With IAM Role Assumption

models:
  bedrock:
    provider: amazon-bedrock
    model: anthropic.claude-3-sonnet-20240229-v1:0
    provider_opts:
      role_arn: "arn:aws:iam::123456789012:role/BedrockAccessRole"
      external_id: "my-external-id"

Provider Options

Option Type Default Description
region string us-east-1 AWS region
profile string AWS profile name
role_arn string IAM role ARN for assume role
role_session_name string cagent-bedrock-session Session name for assumed role
external_id string External ID for role assumption
endpoint_url string Custom endpoint (VPC/testing)
interleaved_thinking bool true Reasoning during tool calls (Claude)
disable_prompt_caching bool false Disable automatic prompt caching

Inference Profiles

Use inference profile prefixes for optimal routing:

Prefix Routes To
global.
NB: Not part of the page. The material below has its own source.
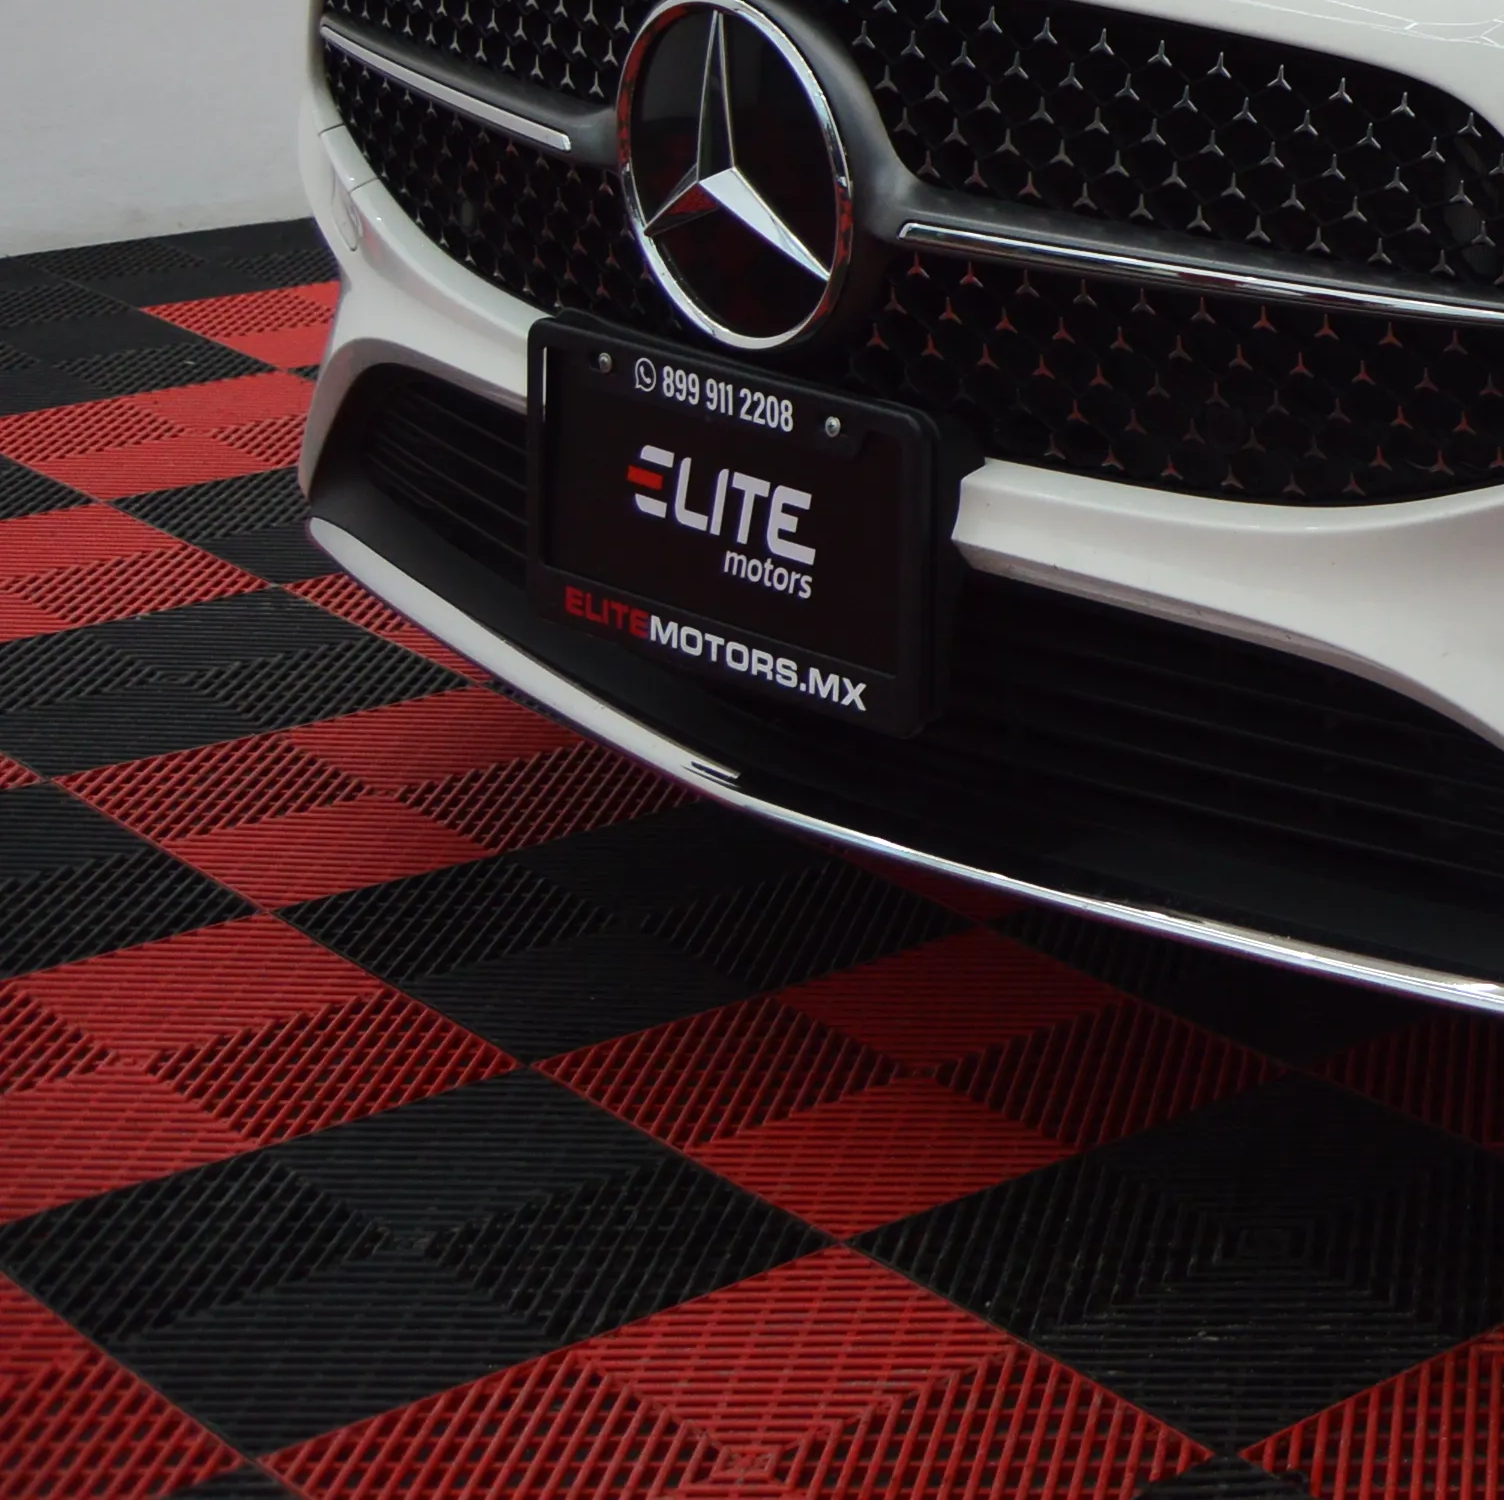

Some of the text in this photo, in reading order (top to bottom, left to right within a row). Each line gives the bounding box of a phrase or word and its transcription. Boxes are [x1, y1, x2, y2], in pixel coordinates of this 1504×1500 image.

All commercial AWS regions (recommended)
us. US regions only
eu. EU regions only (GDPR compliance)
💡 Inference profiles

Use global. prefix on model IDs for automatic cross-region routing. Use eu. prefix for GDPR compliance.

Prompt Caching

Automatically enabled for supported models to reduce latency and costs. System prompts, tool definitions, and recent messages are cached with a 5-minute TTL.

# Disable if needed
provider_opts:
  disable_prompt_caching: true